• December 10, 2023

This BLT Sandwich Is for (Lettuce) Lovers

The only thing better than a good recipe? When something is so easy to do that you don’t even need it. Welcome to As simple as that, a column in which we guide you through the process of making dishes and drinks that we can prepare with our eyes closed.

This sandwich is so easy to make that it should appear in its own section called “It’s TOO Simple”. In fact, this sandwich is so simple that it wasn’t included in our collection of “Short is Sweet” recipes in our June / July issue (out now) … because nobody thought you needed a recipe for it. And yet, isn’t that the point of a good ITS? So here we are.

This is my loose riff on the quintessential summer sandwich: a classic BLT. But with H (ham) instead of B and definitely extra L. See: the LDS. There is plenty thinly sliced ​​deli ham, a massive 1.5 “tall Salad steak (more on that in a moment), a little perfectly ripe tomato, and just enough condiments to make these three ingredients sing (yes, I consider cheese a condiment).

To Create a Glorious LDSD:

Start with two slices of lightly toasted bread. I prefer a pre-cut multigrain sandwich loaf (like the one from Dave’s Killer Bread 21 Whole Grains and Seeds), but you can use whatever you want. A slice with a thin layer. coat Dijon mustard and the other with a thin layer mayonnaise.

Now for the salad steaks!

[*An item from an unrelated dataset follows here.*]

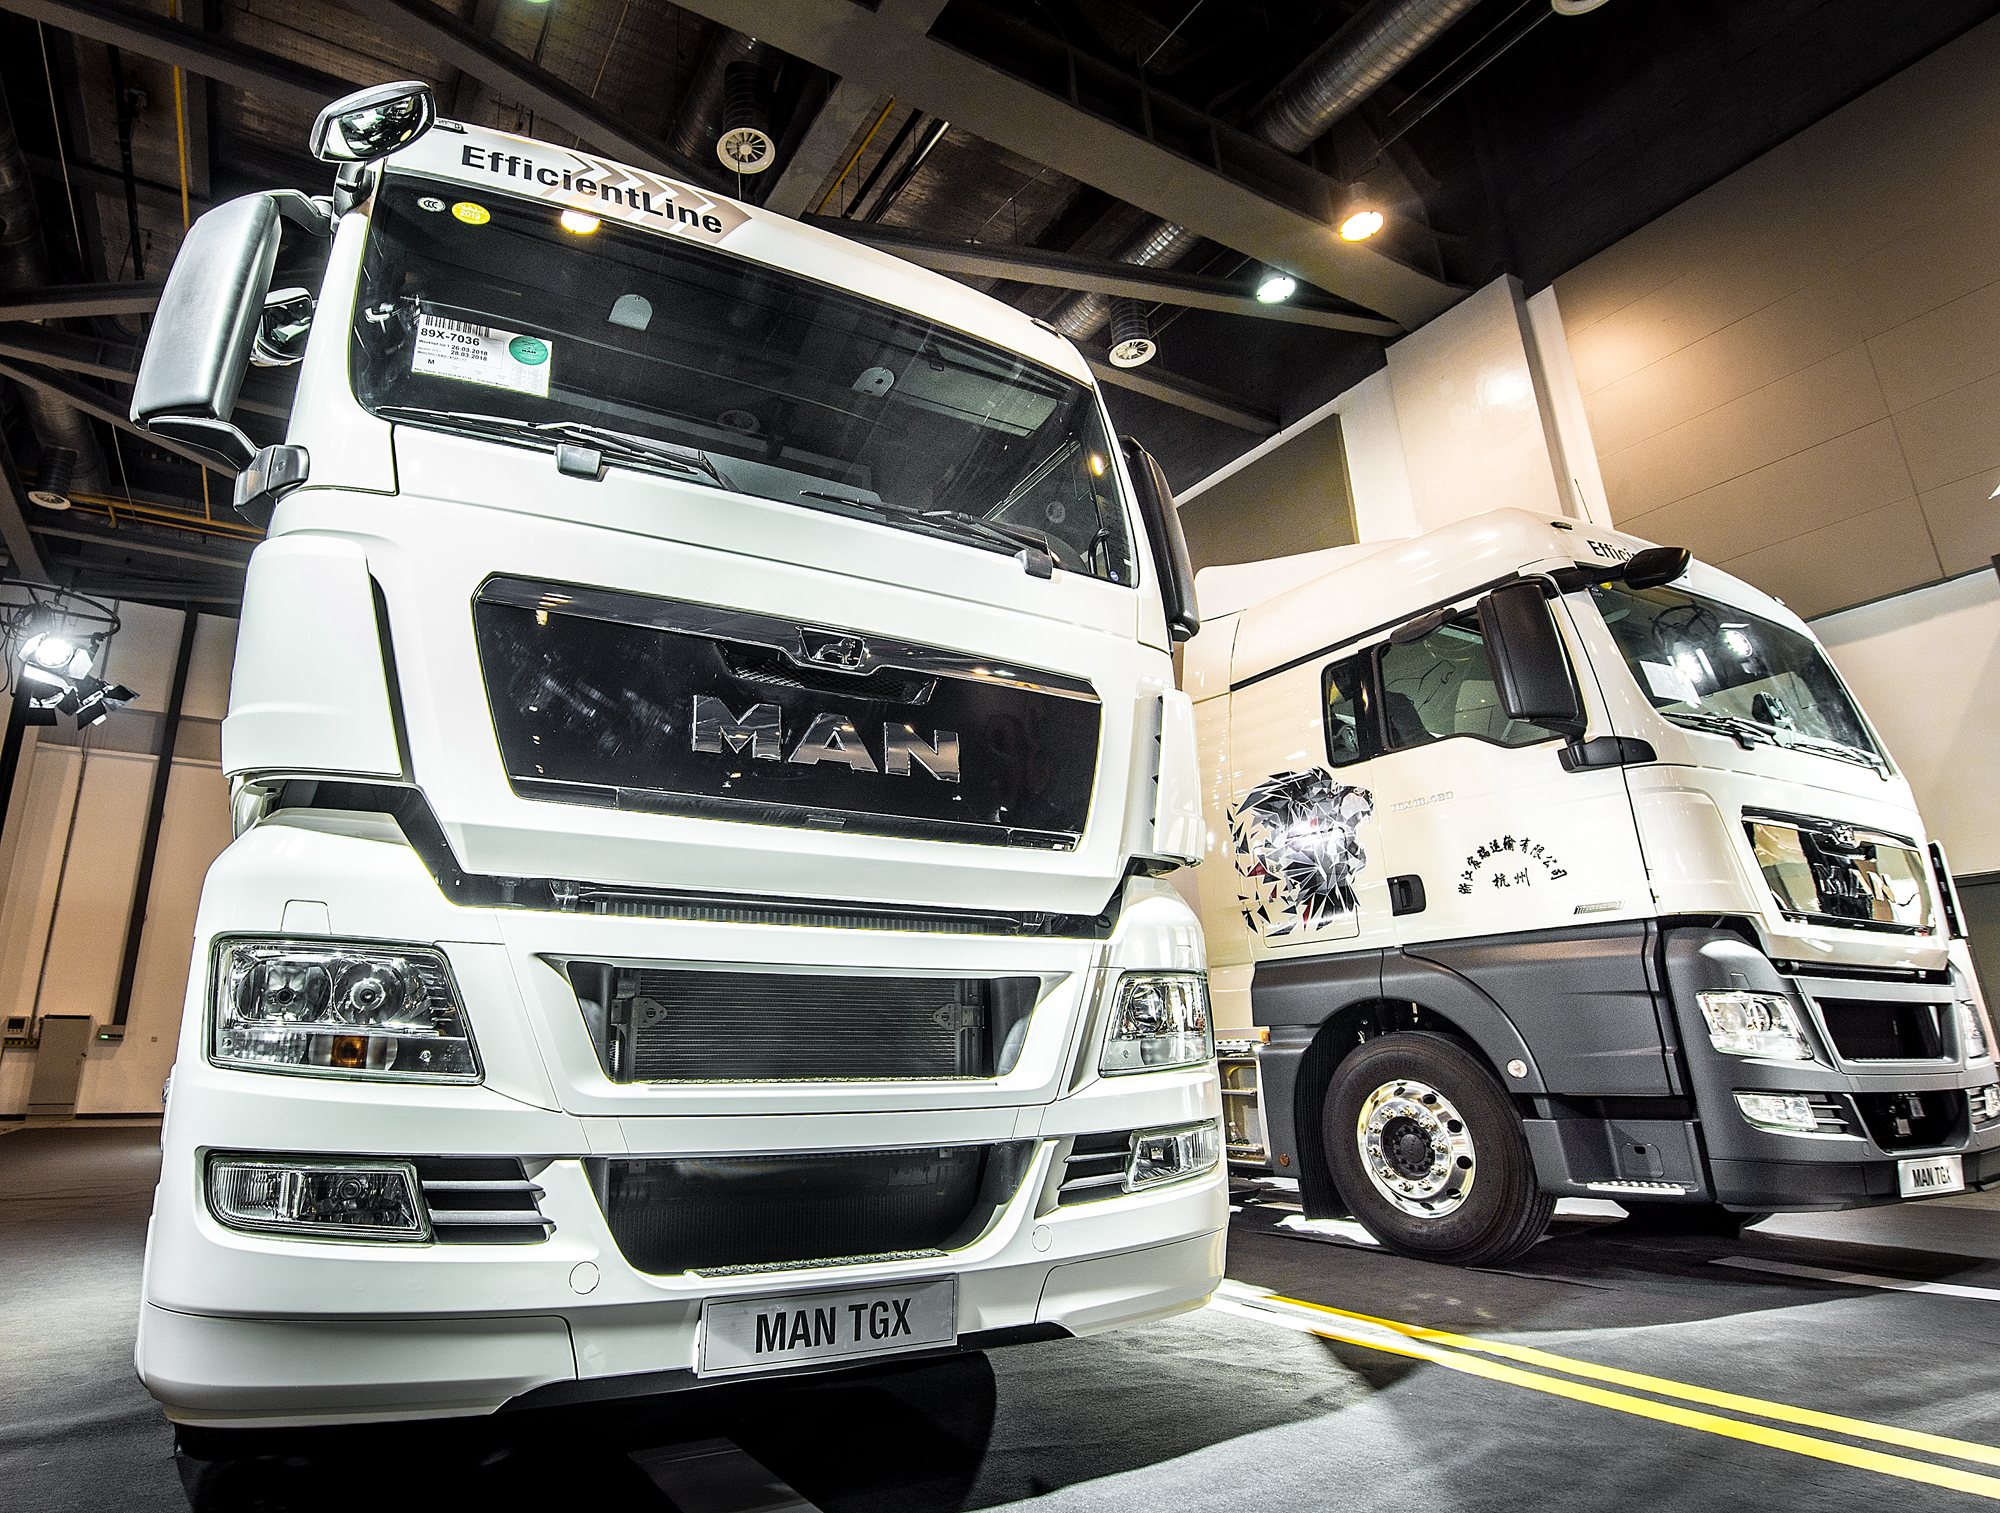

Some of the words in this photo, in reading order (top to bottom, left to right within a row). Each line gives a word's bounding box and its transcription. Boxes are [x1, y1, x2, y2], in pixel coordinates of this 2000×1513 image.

I’ve been inspired by how iceberg lettuce is cut for you for a long time Palace Diner‘s famous tuna melt. In volume terms, the sandwich is more of a salad than tuna, which this humble sandwich enthusiast thinks is the right proportion.

If you’ve ever made one Cauliflower steak, You know what this is about: a sturdy, thick salad board that holds together bite for bite. To make your steak, rest 1 medium head of iceberg lettuce on a work surface at the end of the stem and cut off a rounded end to create a flat surface; Put the rounded end aside (“snack salad”). Cut off a 1½ inch thick iceberg plank; If this is way too big to adequately fit the girth of your sandwich bread, trim the plank to size. Dressing your salad steak with a splash fresh lemon juice, a drizzle Extra virgin olive oil and Salt- and freshly ground black pepper. Dressing this way adds tons of crispness AND flavor to every bite.

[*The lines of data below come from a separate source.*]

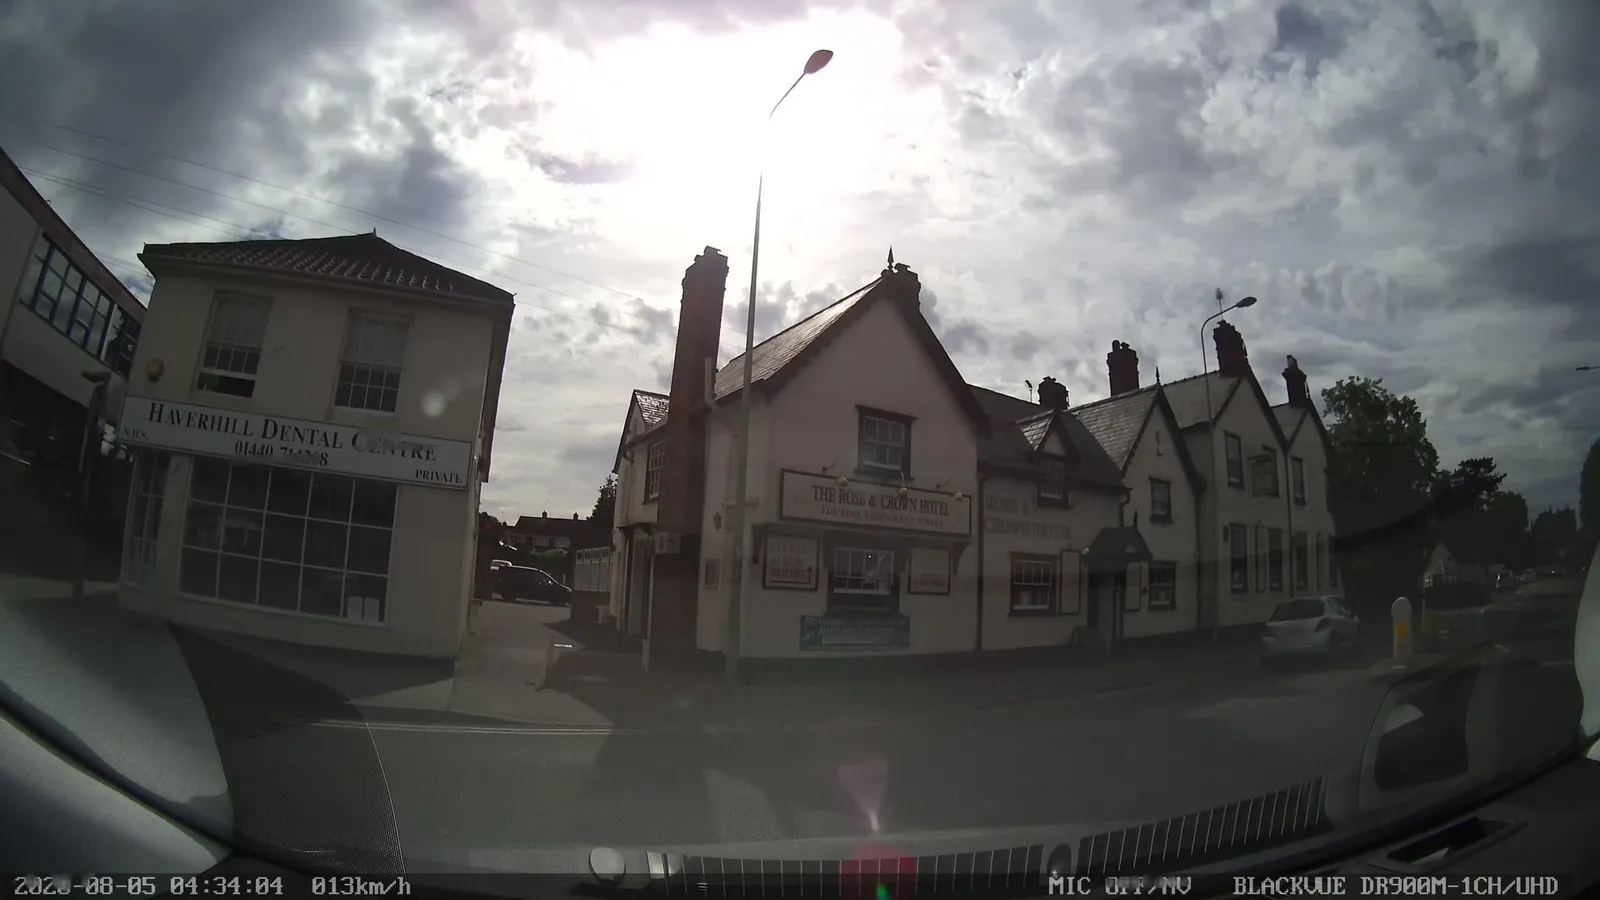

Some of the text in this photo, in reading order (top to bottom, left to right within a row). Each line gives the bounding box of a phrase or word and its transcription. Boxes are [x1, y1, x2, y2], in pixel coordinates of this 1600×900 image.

[148, 402, 253, 437] HAVERHILL
[261, 419, 343, 449] DENTAL
[235, 440, 274, 456] 01440
[415, 469, 462, 485] PRIVATE
[812, 484, 950, 516] THE ROSE & CROWN HOTEL

The addition of a large slice of well-seasoned salad steak guarantees that every bite is extra crispy and full of flavor.

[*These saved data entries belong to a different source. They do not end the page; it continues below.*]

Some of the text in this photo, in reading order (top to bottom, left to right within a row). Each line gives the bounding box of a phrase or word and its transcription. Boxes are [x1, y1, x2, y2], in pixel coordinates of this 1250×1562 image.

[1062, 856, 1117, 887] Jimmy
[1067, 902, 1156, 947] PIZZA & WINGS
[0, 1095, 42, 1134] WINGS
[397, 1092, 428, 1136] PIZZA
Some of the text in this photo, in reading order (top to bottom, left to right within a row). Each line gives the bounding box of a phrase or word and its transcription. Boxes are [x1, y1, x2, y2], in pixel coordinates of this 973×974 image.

Photo by Emma Fishman, food styling by Susie Theodorou, prop styling by Elizabeth Jaime

Compose your sandwich by combining a slice of bread with a slice. occupy cheese (as Pepper shaker or Muenster), three ounces. sliced ​​deli ham, Your Salad steak, and so many slices ripe tomato as you wish. Season the tomato slices with a little salt and pepper, then close the sandwich and cut in half. Serve with crispy cucumber at the side – boss Meherwan Irani recommended The Czech sweet and sour pickle from the Backyard Food Company to me and I have never regretted it.